*** Data supplied Section Begins ***

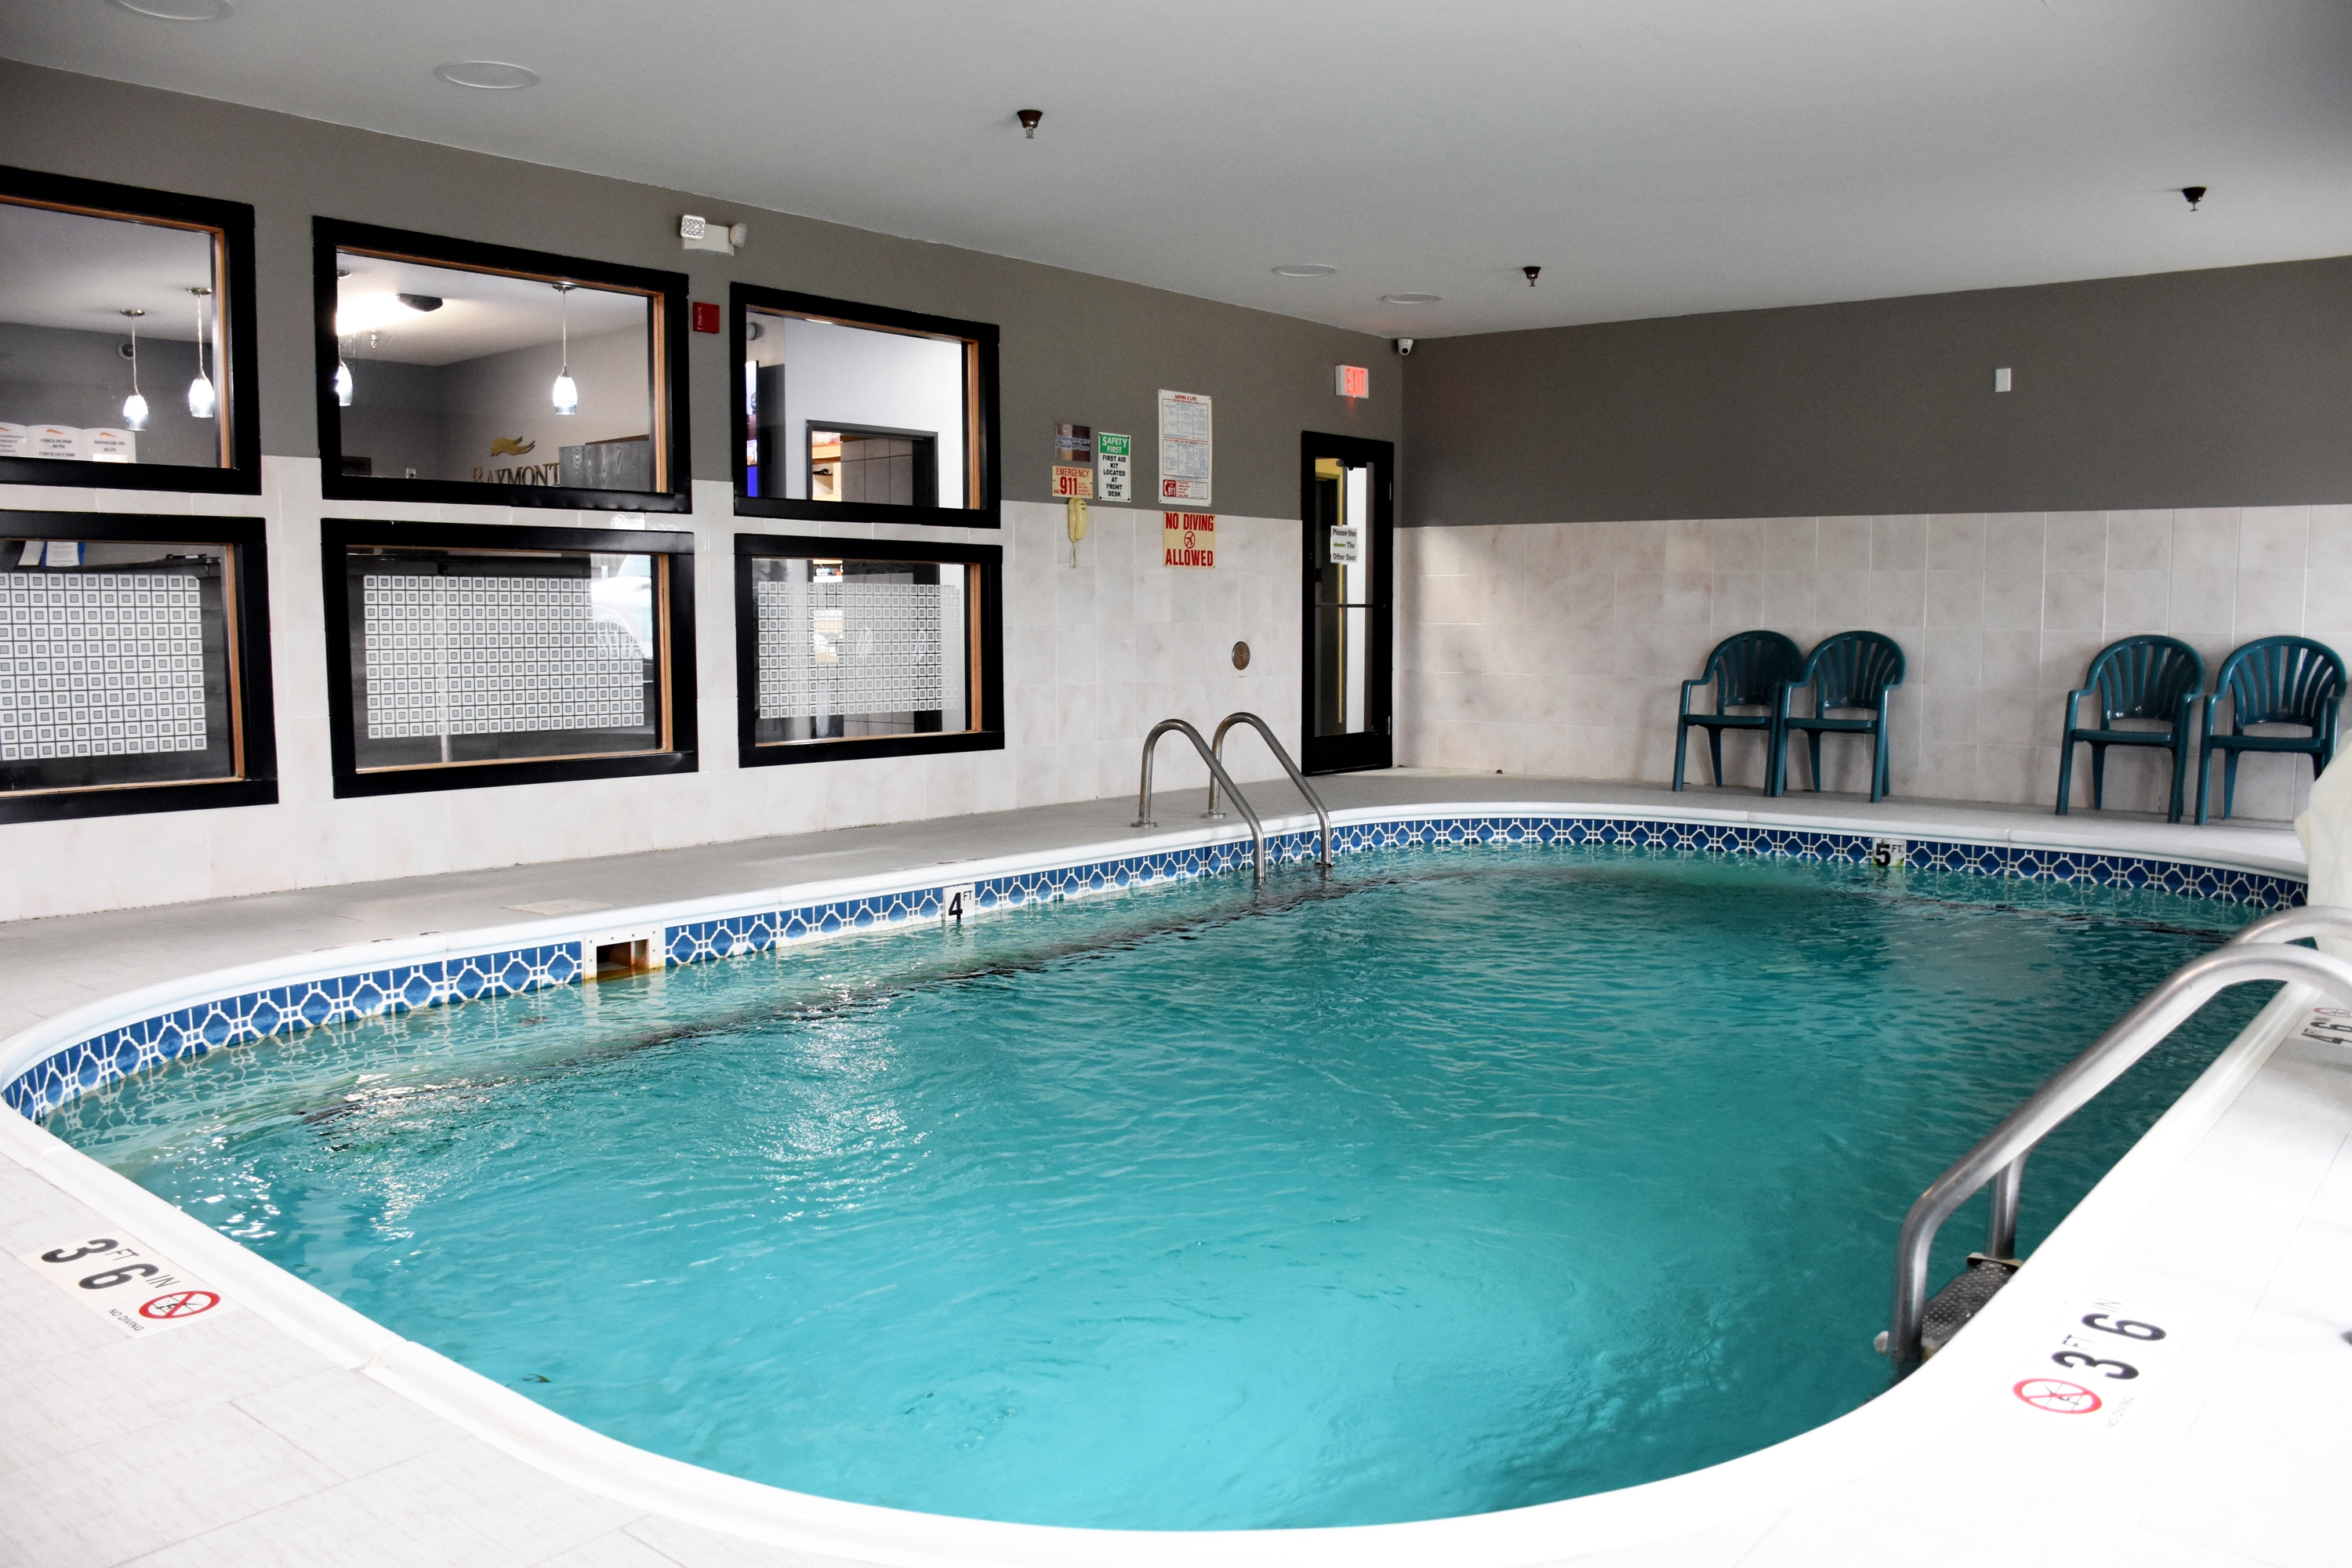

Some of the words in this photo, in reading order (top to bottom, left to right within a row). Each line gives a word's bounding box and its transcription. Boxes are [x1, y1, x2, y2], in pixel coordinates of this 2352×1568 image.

[1346, 367, 1366, 395] EXIT
[1102, 437, 1127, 448] SAFETY
[1056, 467, 1089, 477] EMERGENCY
[1060, 476, 1077, 495] 911
[1167, 486, 1176, 496] 911
[1166, 512, 1179, 530] NO
[1183, 514, 1214, 532] DIVING
[1333, 528, 1347, 536] Please
[1166, 548, 1214, 567] ALLOWED
[1876, 844, 1890, 866] 5
[1892, 844, 1902, 853] FT
[949, 892, 963, 920] 4
[964, 891, 973, 901] FT
[41, 1238, 119, 1263] 3
[105, 1248, 140, 1261] FT
[78, 1263, 159, 1290] 6
[145, 1274, 181, 1288] IN
[2090, 1298, 2123, 1312] IN
[118, 1316, 144, 1331] DIVING
[2081, 1312, 2167, 1341] 6
[2061, 1334, 2094, 1351] FT
[2051, 1350, 2140, 1380] 3
[2104, 1417, 2119, 1428] NO
[2112, 1396, 2134, 1417] DIVING
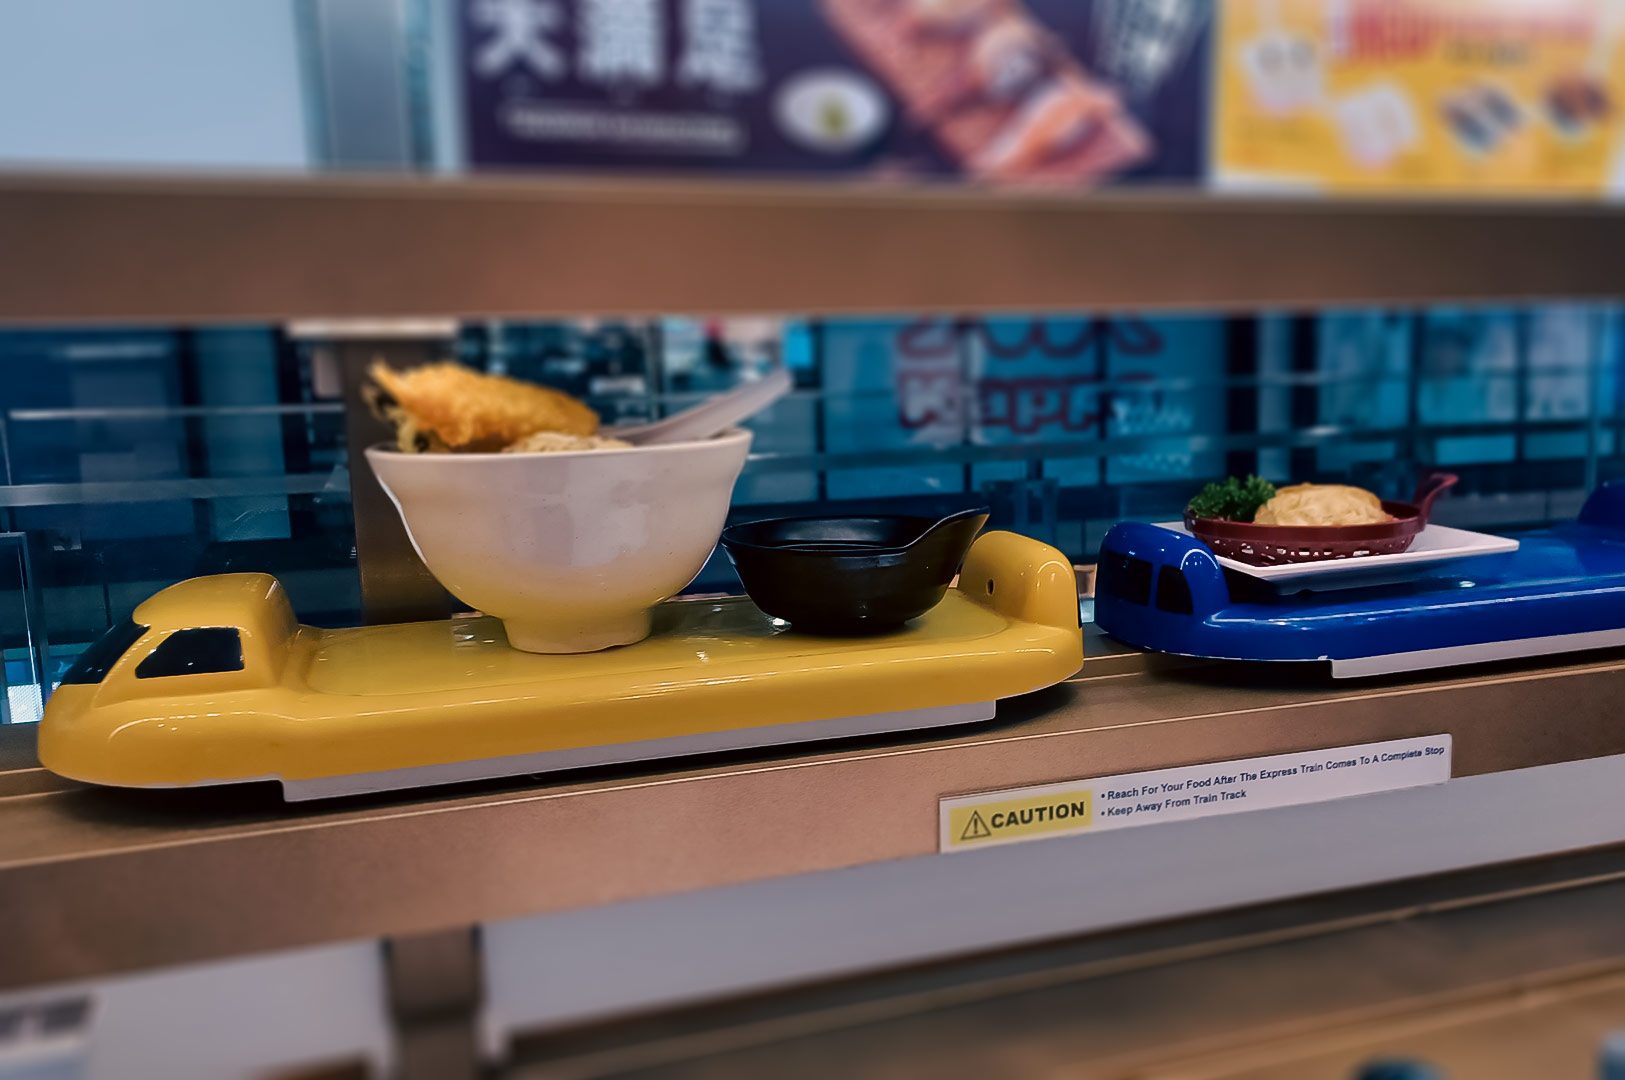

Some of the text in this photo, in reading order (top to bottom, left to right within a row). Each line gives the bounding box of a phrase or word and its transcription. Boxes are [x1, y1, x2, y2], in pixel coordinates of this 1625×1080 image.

[1107, 745, 1445, 800] Reach For Your Food After The Express Train Comes To A Complete Stop
[990, 801, 1085, 829] CAUTION
[1107, 788, 1247, 818] Keep Away From Train Track
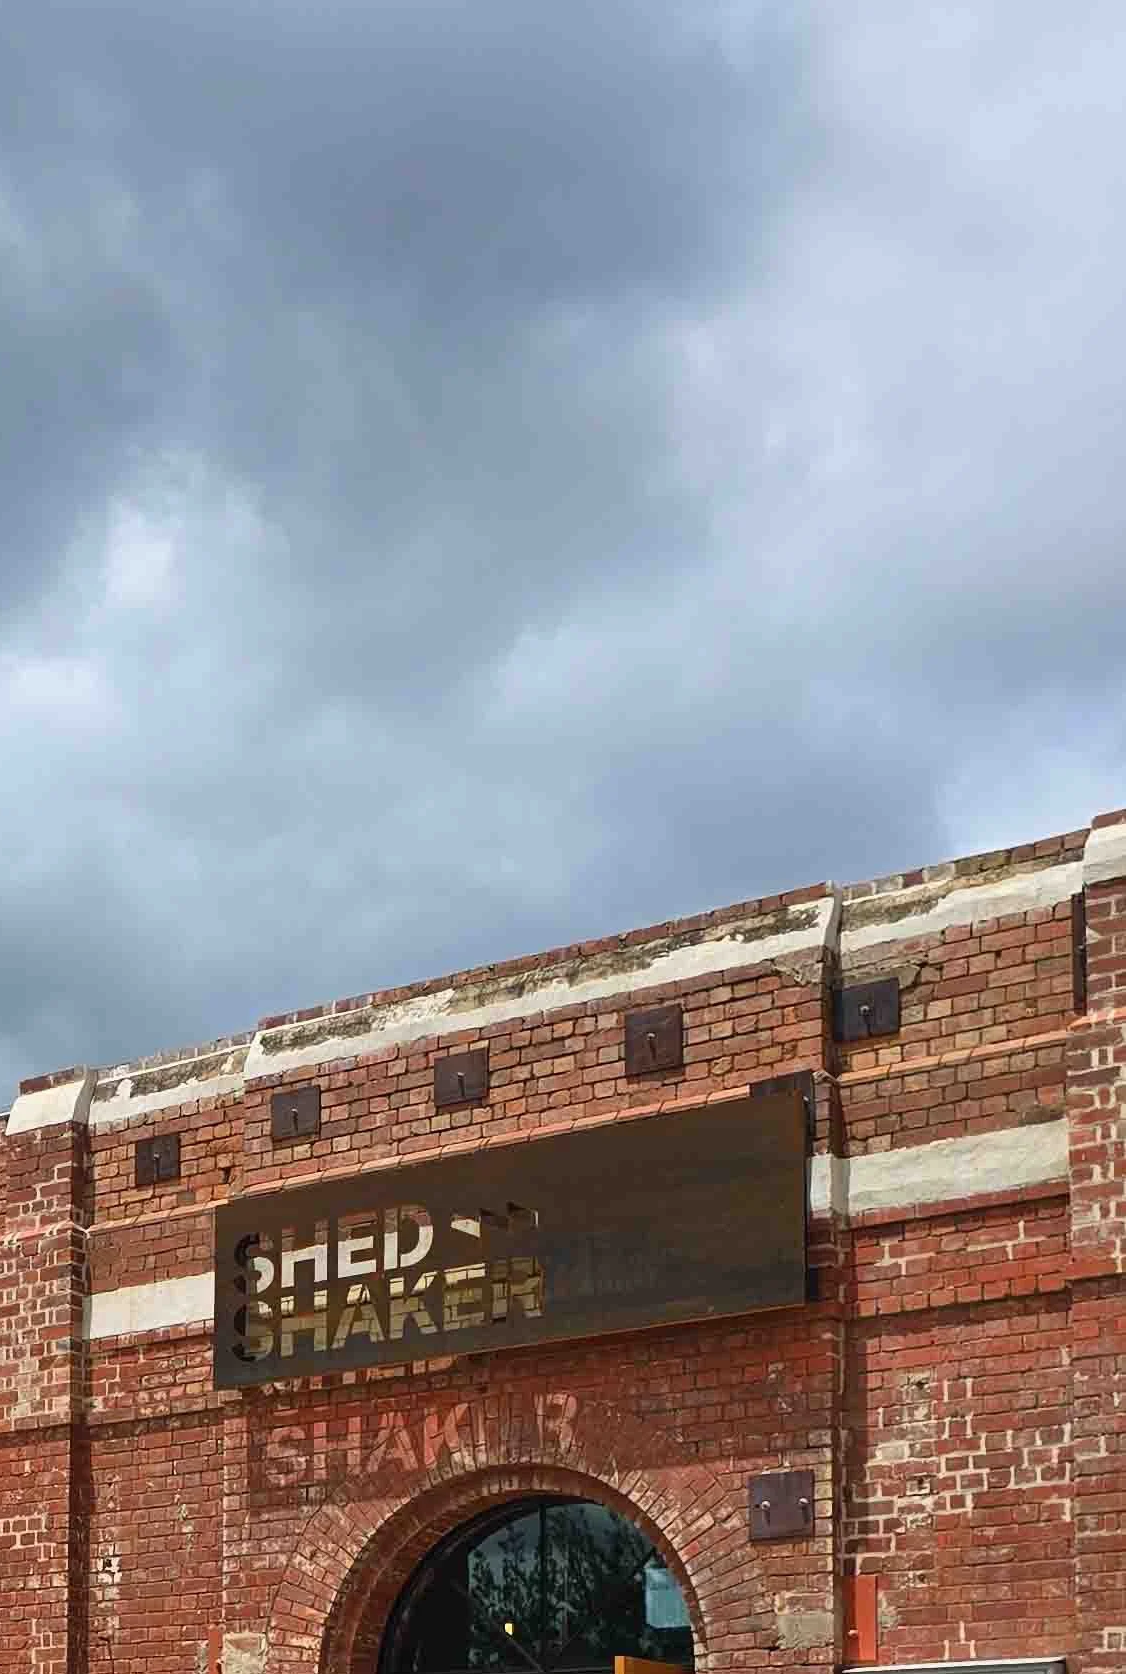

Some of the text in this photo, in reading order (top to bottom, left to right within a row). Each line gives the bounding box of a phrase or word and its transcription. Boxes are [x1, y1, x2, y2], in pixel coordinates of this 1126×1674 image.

[234, 1204, 434, 1295] SHED
[231, 1255, 545, 1363] SHAKER
[266, 1390, 577, 1488] SHAKR
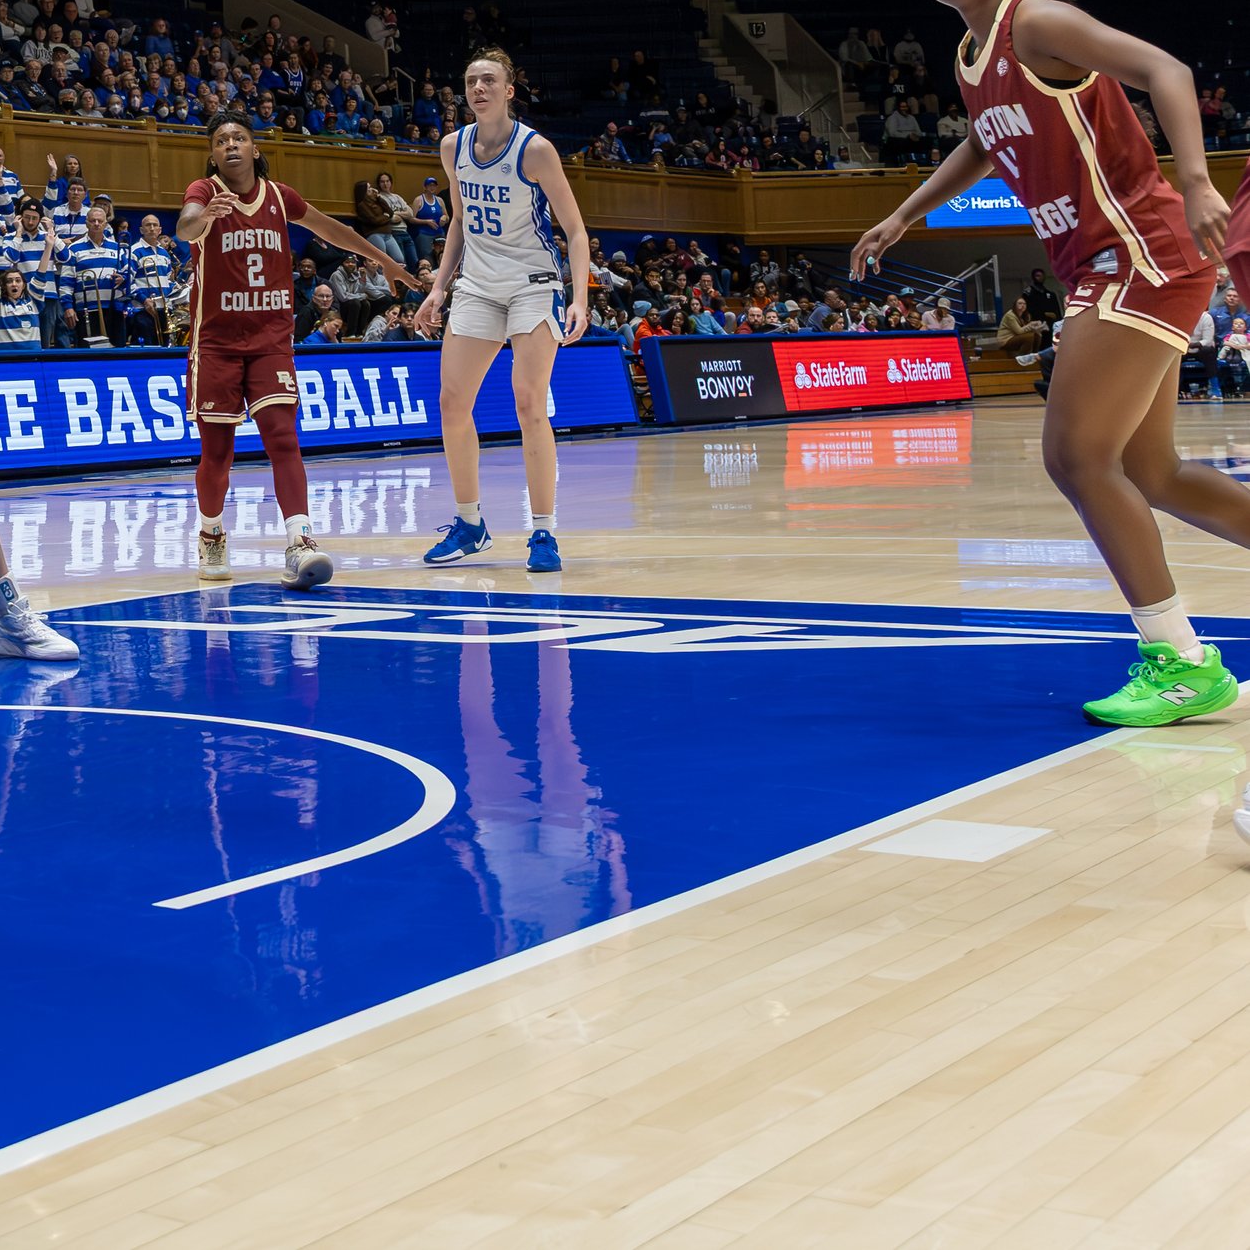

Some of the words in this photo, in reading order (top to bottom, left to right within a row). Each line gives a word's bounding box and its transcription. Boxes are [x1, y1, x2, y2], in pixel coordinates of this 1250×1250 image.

*** Data supplied Section Ends ***

◆ Requirement:
Give back the whole of the material exactly, with the pictures removed.

◆ Exercise answer:
Some of the words in this photo, in reading order (top to bottom, left to right within a row). Each line gives a word's bounding box and its transcription. Boxes are [x1, y1, x2, y2], in pixel coordinates of this 2352×1568 image.

[1346, 367, 1366, 395] EXIT
[1102, 437, 1127, 448] SAFETY
[1056, 467, 1089, 477] EMERGENCY
[1060, 476, 1077, 495] 911
[1167, 486, 1176, 496] 911
[1166, 512, 1179, 530] NO
[1183, 514, 1214, 532] DIVING
[1333, 528, 1347, 536] Please
[1166, 548, 1214, 567] ALLOWED
[1876, 844, 1890, 866] 5
[1892, 844, 1902, 853] FT
[949, 892, 963, 920] 4
[964, 891, 973, 901] FT
[41, 1238, 119, 1263] 3
[105, 1248, 140, 1261] FT
[78, 1263, 159, 1290] 6
[145, 1274, 181, 1288] IN
[2090, 1298, 2123, 1312] IN
[118, 1316, 144, 1331] DIVING
[2081, 1312, 2167, 1341] 6
[2061, 1334, 2094, 1351] FT
[2051, 1350, 2140, 1380] 3
[2104, 1417, 2119, 1428] NO
[2112, 1396, 2134, 1417] DIVING

Some of the text in this photo, in reading order (top to bottom, left to right within a row). Each line gives the bounding box of a phrase or word and its transcription. Boxes are [x1, y1, x2, y2], in pixel coordinates of this 1625×1080 image.

[1107, 745, 1445, 800] Reach For Your Food After The Express Train Comes To A Complete Stop
[990, 801, 1085, 829] CAUTION
[1107, 788, 1247, 818] Keep Away From Train Track

Some of the text in this photo, in reading order (top to bottom, left to right within a row). Each line gives the bounding box of a phrase or word and its transcription. Boxes are [x1, y1, x2, y2], in pixel coordinates of this 1126×1674 image.

[234, 1204, 434, 1295] SHED
[231, 1255, 545, 1363] SHAKER
[266, 1390, 577, 1488] SHAKR

Some of the words in this photo, in reading order (top to bottom, left to right within a row). Each line gives a word's bounding box and its transcription. Boxes are [x1, y1, x2, y2], in pixel coordinates of this 1250×1250 image.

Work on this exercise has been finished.